Sometimes I even did it deliberately. A little disruption now can prevent disaster later.

Real flows, direct from the source

This is a page from the third version of Technopagan Yearnings. There are some formatting differences. Originally published at www.neowayland.com/C550866538/E20060121032045

Feeling the energy

I've been thinking about energy flows.

I live in Arizona, there are a few fair mountains, some forests, but most of the state is desert. Hot desert in the south. When people visit for the first time, they aren't used to the open spaces and the heat.

A desert blue sky is a hot thing that sucks the air and moisture out of your lungs.

"It's all dead," they say panting. And in a rush to get back to air conditioning.

But it is not dead. Oh, the plants may be few and far between and most of the desert creatures are staying out of the direct sun if they can. But there is life there. Come back a few days after any spring rains and you will see plant life all over. Some of it was buried for years waiting for the next rain.

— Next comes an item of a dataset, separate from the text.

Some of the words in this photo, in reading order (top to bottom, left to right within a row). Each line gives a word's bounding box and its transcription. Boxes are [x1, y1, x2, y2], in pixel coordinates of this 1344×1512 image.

At night, away from the cities, that same desert can get surprisingly cool and sometimes cold. There is nothing but the ground to retain the heat, and most of it was reflected back during the day. Sometimes it is cold enough to be dangerous. A dry cold can be just as deceptive as a dry heat.

That energy moves constantly.

But it is not in a form that many people are comfortable with.

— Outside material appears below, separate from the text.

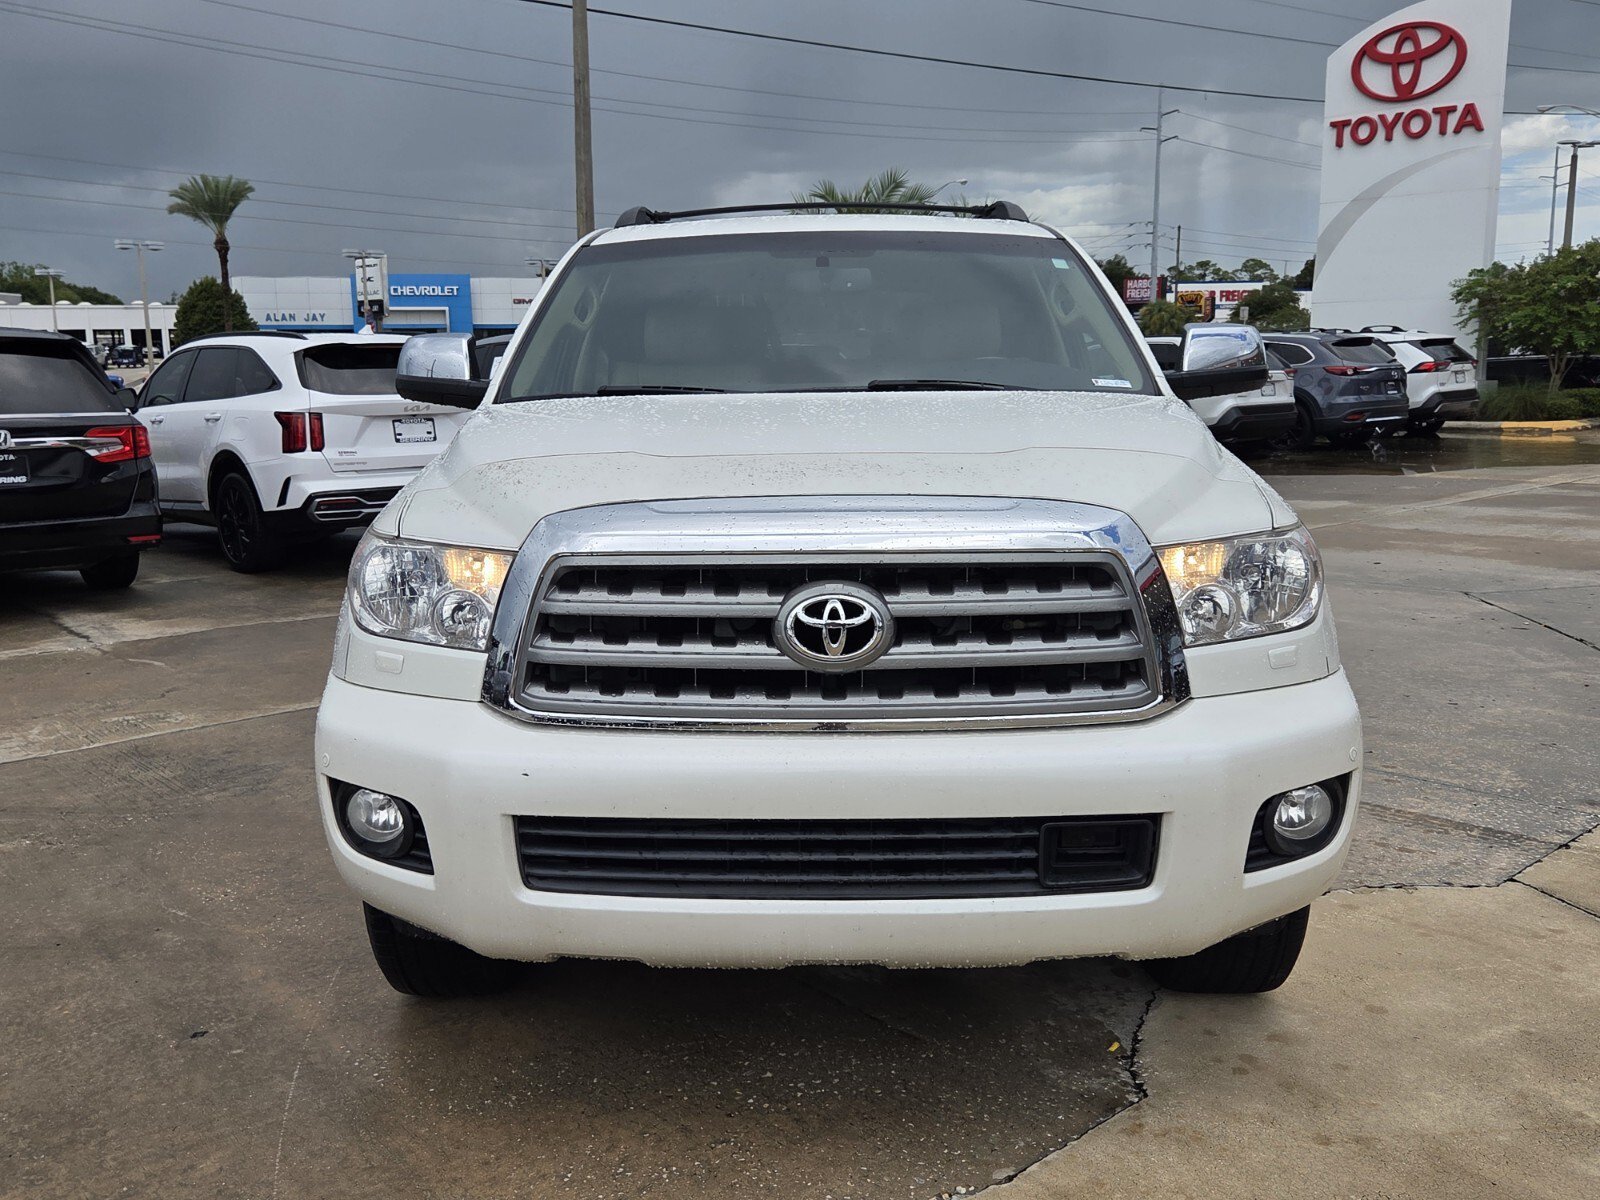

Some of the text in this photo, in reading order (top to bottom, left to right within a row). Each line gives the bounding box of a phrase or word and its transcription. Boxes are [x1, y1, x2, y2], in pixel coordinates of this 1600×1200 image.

Monotheism's first sin is claiming that there is only one way to reach the Divine. But it's second (and deeper) sin is in the separation of humans from nature. Unfortunately, most Neopagans were monotheists first and only came to Paganism later. They retain this "separation" attitude long after the need for it has passed. Oh, they learn to embrace nature, but it becomes a holiday from the "mundane" world.

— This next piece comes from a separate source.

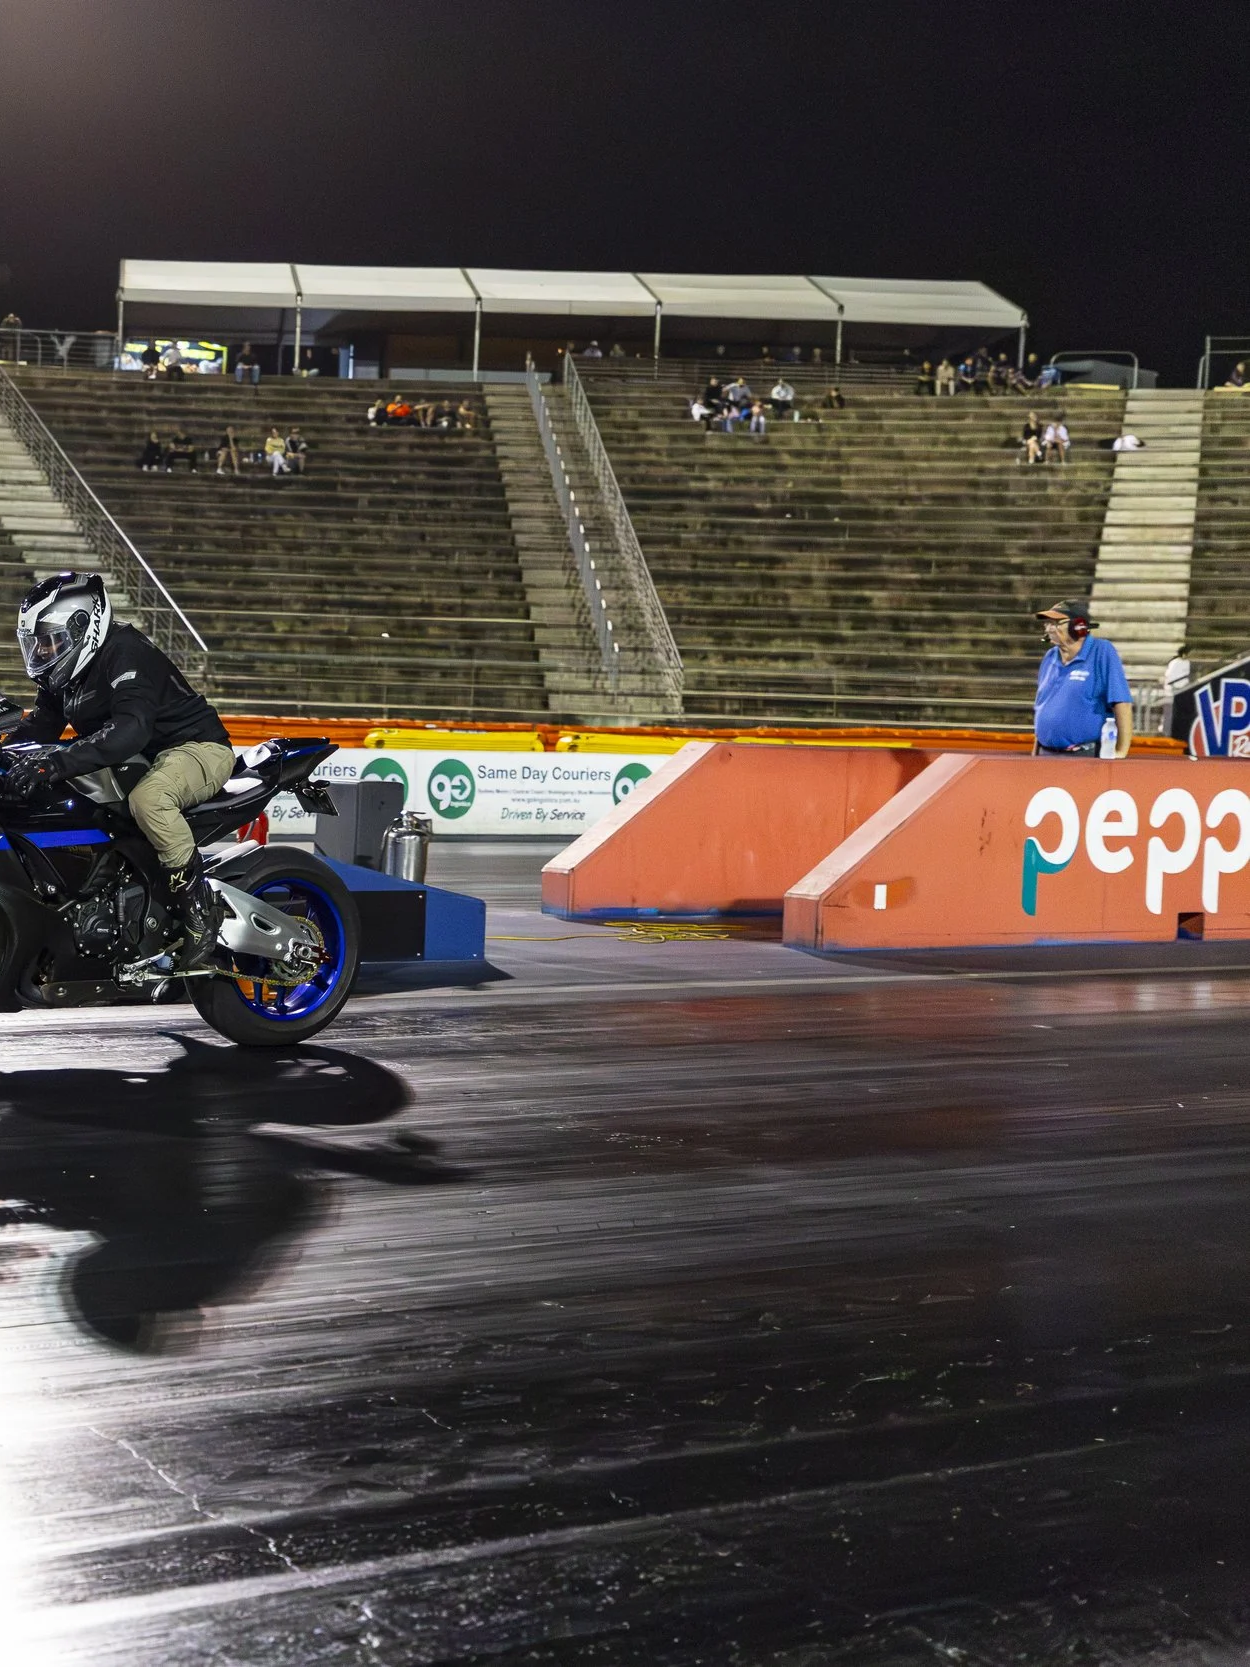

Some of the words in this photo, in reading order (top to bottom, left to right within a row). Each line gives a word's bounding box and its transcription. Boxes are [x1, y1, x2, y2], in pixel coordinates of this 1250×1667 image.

And they fail to recognize the nature in the "mundane" world. Christopher Penczak's City Magick is a great starting point, but even he doesn't always recognize all the magick that surrounds us.

My WebTree path uses the ideas of orgone and wyrd. The names aren't important as the concepts. Orgone is shaped by thought and driven by passion. Sometimes it is matter, sometimes it is energy, sometimes it is both, and sometimes it is neither. It's not completely within our perceived reality, so sometimes it is not bound by time or space.

The wyrd is the weave of orgone that connects everything. The first time you think of something, you spin a strand of orgone between you and it. The more often and more passionately you think of it (and it thinks of you), the stronger the strand becomes. Stop thinking about it, and the strand stretches thinner and thinner. Collectively, these strands form the wyrd.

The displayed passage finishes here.